|Dallas Dhu Distillery Museum, railway siding ran here to the right|
|Dallas Dhu kiln pagoda, viewed from the Dava Way|
Turn this plan (click to enlarge) of Dallas Dhu upside down and place that mirror image on the other side of the Forres railway junction and you will have a good approximation of Benromach when it was built. Benromach’s washbacks were moved into a combined room with the stills when it was redeveloped in the 1990s; Dallas Dhu remains true to an earlier layout after being mothballed in 1983 and now held under the guardianship of Historic Scotland, more on which later.
Seemingly uninterrupted by the Pattison’s crash that halted Benromach for a decade the new proprietors continued production until selling to another Glasgow company, J.P. O’Brien & Co Ltd in 1919, although closed for the intervening war years. J.P. O’Brien only survived two more years at which point the distillery was taken over by Benmore Distilleries Ltd who owned Benmore and (later) Lochead distilleries in Campbeltown and Lochindaal distillery on Islay.
Benmore were taken over by DCL in 1929 and their four distilleries were all closed at that time. Of the four, Dallas Dhu was the only one ever to resume production when it began again in 1936 under DCL’s subsidiary SMD. This was a short venture to begin with as a major fire destroyed the still house in 1939 and the distillery then remained silent until 1947.
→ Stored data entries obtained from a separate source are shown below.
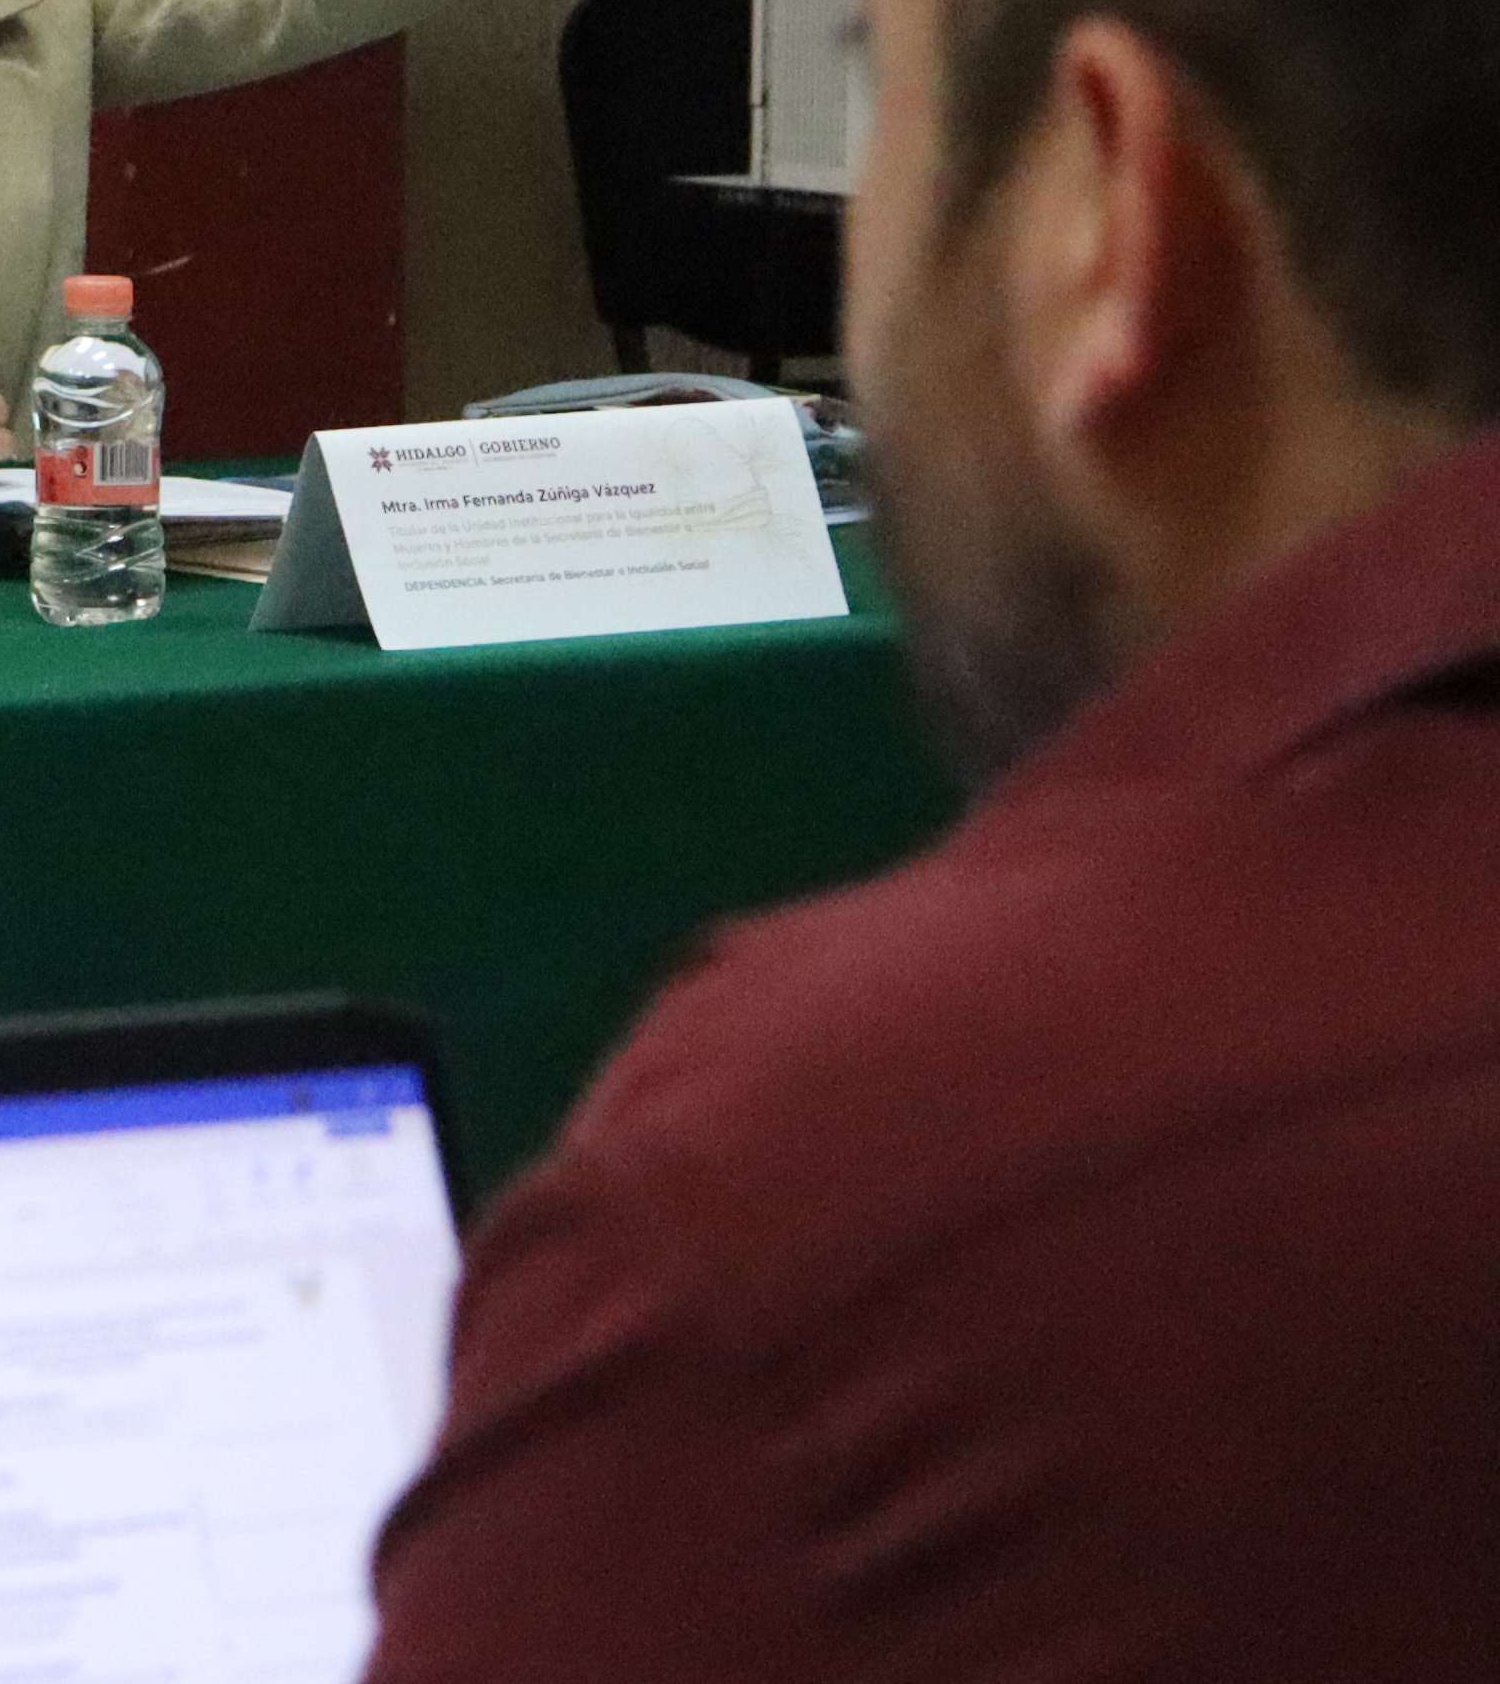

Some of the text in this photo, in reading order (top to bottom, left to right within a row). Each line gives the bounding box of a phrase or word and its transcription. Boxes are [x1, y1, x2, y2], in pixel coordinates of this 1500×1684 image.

[394, 445, 467, 461] HIDALGO
[478, 437, 561, 454] GOBIERNO
[381, 498, 422, 515] Mtra.
[424, 497, 460, 512] Irma
[462, 489, 534, 509] Fernanda
|Benmore sign on filling store at Dallas Dhu|
The water for mashing was piped from the Altyre Burn which is formed from the confluence of other burns, including the Romach Burn, on the west side of Romach Hill. By the time it flows past the distillery, a kilometre to its south, it is known as the Burn of Mosset before it feeds the Sanquhar Loch, the source of Benromach’s cooling water and first created on the south side of Forres around the same time as the distilleries were built. The Manachy Burn flows past Dallas Dhu just a few metres to its north and this was the source of its cooling water and powered a water wheel until the 1970s.
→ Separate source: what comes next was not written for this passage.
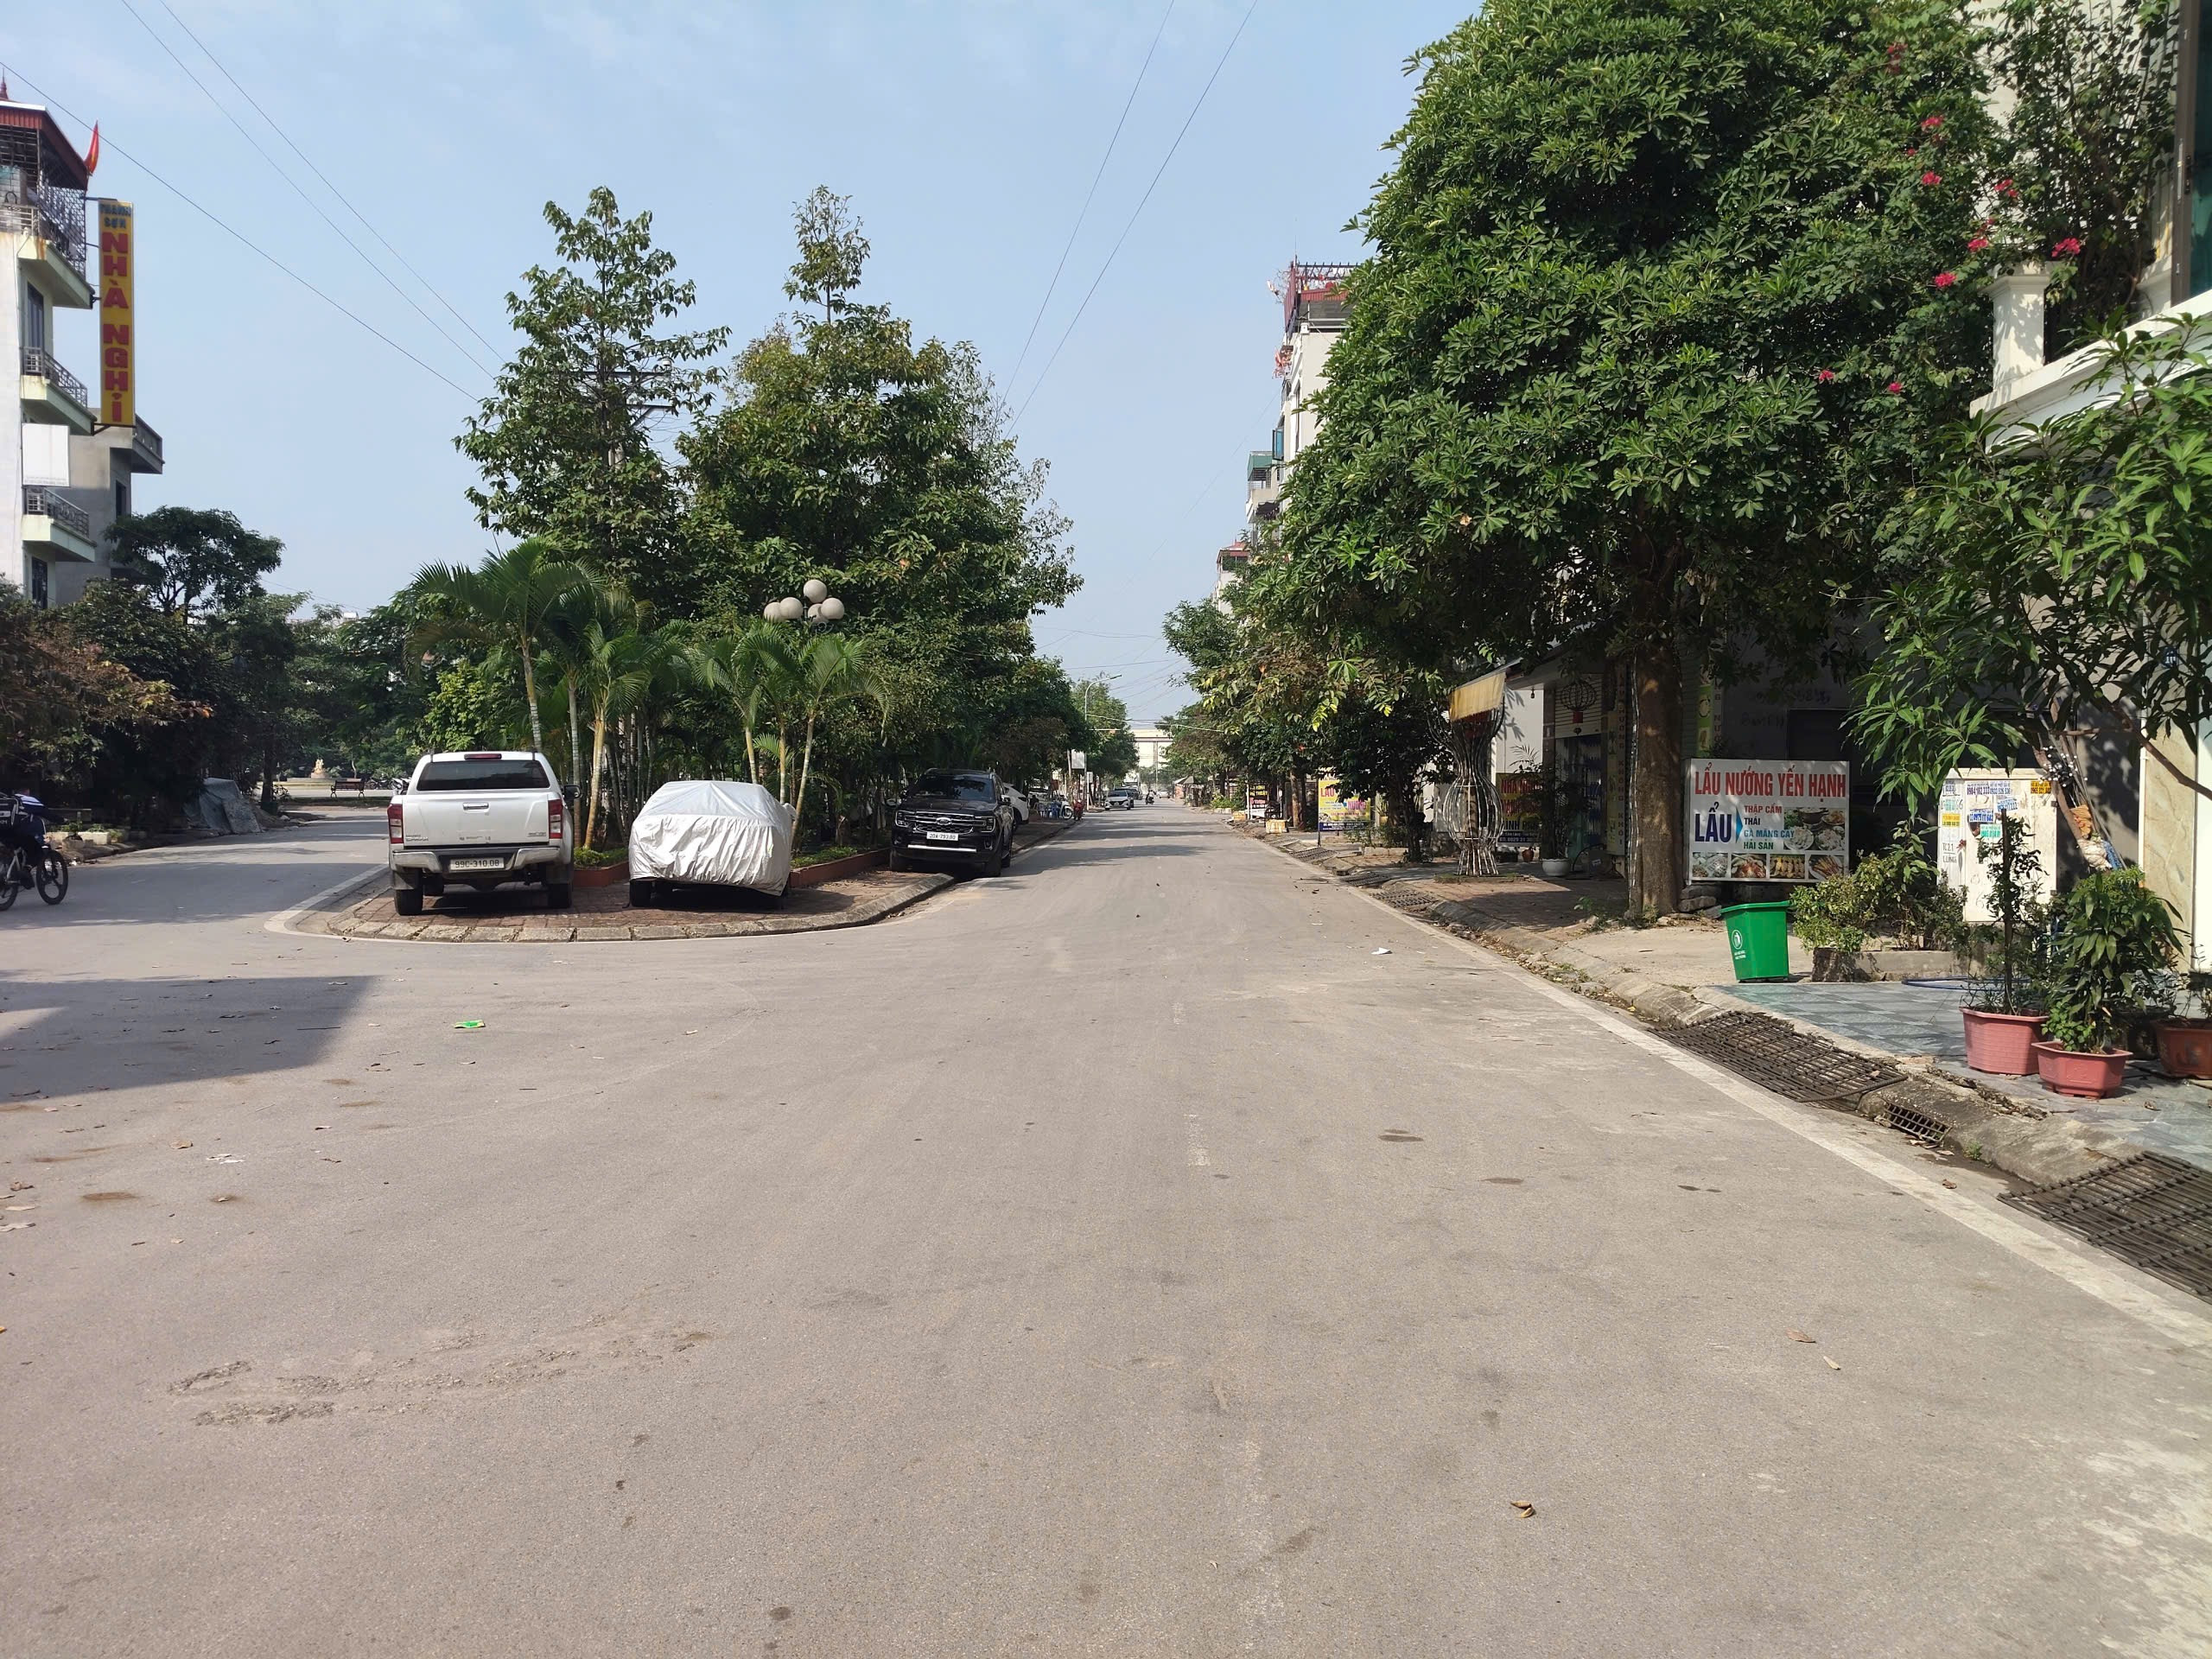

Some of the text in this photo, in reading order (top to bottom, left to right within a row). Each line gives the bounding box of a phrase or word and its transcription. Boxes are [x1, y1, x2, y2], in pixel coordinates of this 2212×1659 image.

[102, 232, 129, 309] NHÀ
[1694, 762, 1847, 802] LẨU NƯỚNG YẾN HẠNH
[1694, 802, 1732, 842] LẨU
[1744, 817, 1761, 825] THÁI
Maps from before the time of Barnard’s journey record the Burn of Mosset as the Burn of Bogs, recalling to mind a similar ‘sanitisation’ of a name at Cawdor which lies 20km east of here, the Bog of Cawdor there being renamed as Cawdor Moss. The local name for the Altyre Burn is the Scourie Burn and there was a building (a scourie is a shed shieling) and a well named Scourie beside it, about a kilometre east of the distillery. The name Dallas Dhu is interpreted as either ‘field by the black waterfall’ or ‘black water valley’, the latter I think a more likely reference due to that flat boggy (sorry, mossy) ground nearby.
The distillery was mothballed by DCL in 1983 and came under the care of Historic Scotland in 1986, albeit still owned by DCL. HS reopened it as a distillery museum in 1988 and it has been run as such ever since. The distilling licence was returned in 1992 but it is believed that the fixtures and fittings are all maintained in a way that could permit them to recommence production here relatively easily, although the operations now seem very dated and almost certainly uneconomical to run in their current form.
|Dallas Dhu courtyard|
|Dallas Dhu Barley Loft|
|Dallas Dhu Kiln|
|Dallas Dhu washbacks|
|Glenlossie 1920s fire engine at Dallas Dhu|
|Dallas Dhu stills|
|Dallas Dhu steam coil heating inside the spirit still|
|Dallas Dhu worm tubs|
|Dallas Dhu still bases|
|Dallas Dhu spirit safe and receiver|
|Dallas Dhu dunnage warehouses|
|Spring lambs by the Manachie Burn, Dallas Dhu|
The last commemorative stone I visited in this area is also one of the most decorative and it stands on the east side of Forres, just off the main road to Elgin. Sueno’s stone is a Class III Pictish symbol stone with panels detailing the story of a fierce battle on one face and a Celtic cross almost the full length on the reverse. The sides of the stone are decorated with an intricate vine pattern.
This type of stone is known as a cross-slab and Sueno’s Stone is the tallest surviving example in Britain at over 6 metres and also one of the last known to be carved, the style suggesting a date around the 9th or 10th century. The symbols are carved in relief and include many Pictish and Celtic motifs. The tiered base that secures the stone upright was a later addition during restoration work in the early 1700s after the stone had been found buried; the name Sueno also relating to the finder of the stone rather than dating to it’s origins.
Like a number of other important carved stones in the north east this one has been surrounded by a glass canopy that is lit up in the dark evenings, designed to protect its already worn surfaces from further erosion by the elements and the touch of inquisitive hands. You can be tactile with the recent history at Dallas Dhu but the unique carvings on this millennium old and now fragile stone require protection for future generations to appreciate.